*Material for this task*.
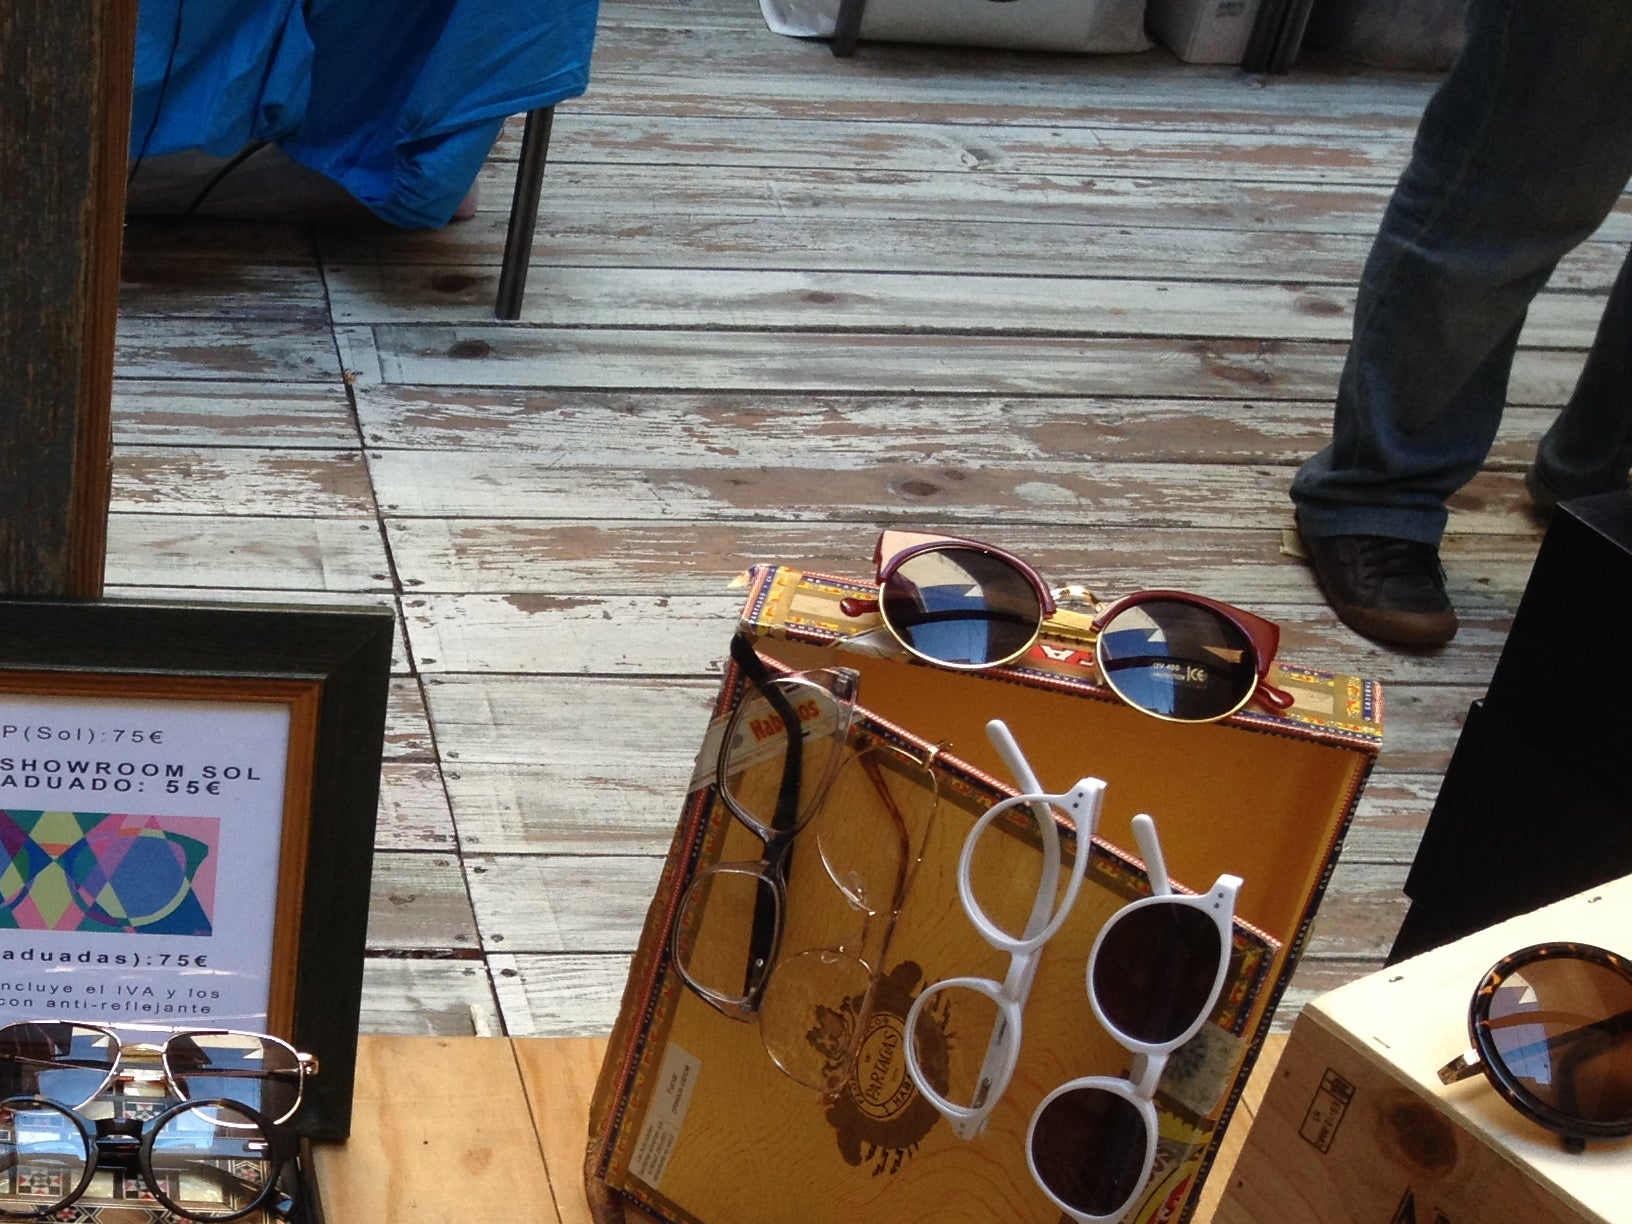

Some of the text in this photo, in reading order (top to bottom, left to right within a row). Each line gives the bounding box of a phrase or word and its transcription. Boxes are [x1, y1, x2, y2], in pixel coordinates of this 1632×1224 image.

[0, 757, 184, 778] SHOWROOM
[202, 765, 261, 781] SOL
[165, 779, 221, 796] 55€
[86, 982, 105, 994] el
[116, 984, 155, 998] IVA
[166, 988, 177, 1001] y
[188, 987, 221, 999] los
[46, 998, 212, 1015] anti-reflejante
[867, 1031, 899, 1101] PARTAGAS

*Directions for this task*. Leaving out only the pictures, retype every record exactly.

*Task answer*.
Some of the text in this photo, in reading order (top to bottom, left to right within a row). Each line gives the bounding box of a phrase or word and its transcription. Boxes are [x1, y1, x2, y2], in pixel coordinates of this 1632×1224 image.

[0, 757, 184, 778] SHOWROOM
[202, 765, 261, 781] SOL
[165, 779, 221, 796] 55€
[86, 982, 105, 994] el
[116, 984, 155, 998] IVA
[166, 988, 177, 1001] y
[188, 987, 221, 999] los
[46, 998, 212, 1015] anti-reflejante
[867, 1031, 899, 1101] PARTAGAS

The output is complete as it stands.